[Saved data entries]
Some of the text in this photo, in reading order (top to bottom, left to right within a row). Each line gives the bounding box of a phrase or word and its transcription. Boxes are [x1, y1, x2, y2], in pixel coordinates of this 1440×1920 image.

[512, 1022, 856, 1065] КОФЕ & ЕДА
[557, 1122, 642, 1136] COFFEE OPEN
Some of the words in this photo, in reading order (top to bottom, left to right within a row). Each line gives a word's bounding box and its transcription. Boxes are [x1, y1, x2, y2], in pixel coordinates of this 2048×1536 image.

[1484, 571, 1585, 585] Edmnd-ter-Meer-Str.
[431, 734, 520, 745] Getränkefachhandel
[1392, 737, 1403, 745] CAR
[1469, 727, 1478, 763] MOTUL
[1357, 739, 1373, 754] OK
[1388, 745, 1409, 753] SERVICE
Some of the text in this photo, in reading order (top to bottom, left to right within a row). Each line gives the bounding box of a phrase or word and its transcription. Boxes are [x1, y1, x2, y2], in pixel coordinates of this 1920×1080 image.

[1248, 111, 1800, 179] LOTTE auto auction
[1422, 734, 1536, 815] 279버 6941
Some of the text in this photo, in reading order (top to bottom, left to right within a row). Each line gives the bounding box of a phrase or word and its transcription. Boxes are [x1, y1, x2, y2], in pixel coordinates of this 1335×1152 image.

— Try it —
Reproduce every record above exactly as it is written.

— Your solution —
Some of the text in this photo, in reading order (top to bottom, left to right within a row). Each line gives the bounding box of a phrase or word and its transcription. Boxes are [x1, y1, x2, y2], in pixel coordinates of this 1440×1920 image.

[512, 1022, 856, 1065] КОФЕ & ЕДА
[557, 1122, 642, 1136] COFFEE OPEN
Some of the words in this photo, in reading order (top to bottom, left to right within a row). Each line gives a word's bounding box and its transcription. Boxes are [x1, y1, x2, y2], in pixel coordinates of this 2048×1536 image.

[1484, 571, 1585, 585] Edmnd-ter-Meer-Str.
[431, 734, 520, 745] Getränkefachhandel
[1392, 737, 1403, 745] CAR
[1469, 727, 1478, 763] MOTUL
[1357, 739, 1373, 754] OK
[1388, 745, 1409, 753] SERVICE
Some of the text in this photo, in reading order (top to bottom, left to right within a row). Each line gives the bounding box of a phrase or word and its transcription. Boxes are [x1, y1, x2, y2], in pixel coordinates of this 1920×1080 image.

[1248, 111, 1800, 179] LOTTE auto auction
[1422, 734, 1536, 815] 279버 6941
Some of the text in this photo, in reading order (top to bottom, left to right within a row). Each line gives the bounding box of a phrase or word and its transcription. Boxes are [x1, y1, x2, y2], in pixel coordinates of this 1335×1152 image.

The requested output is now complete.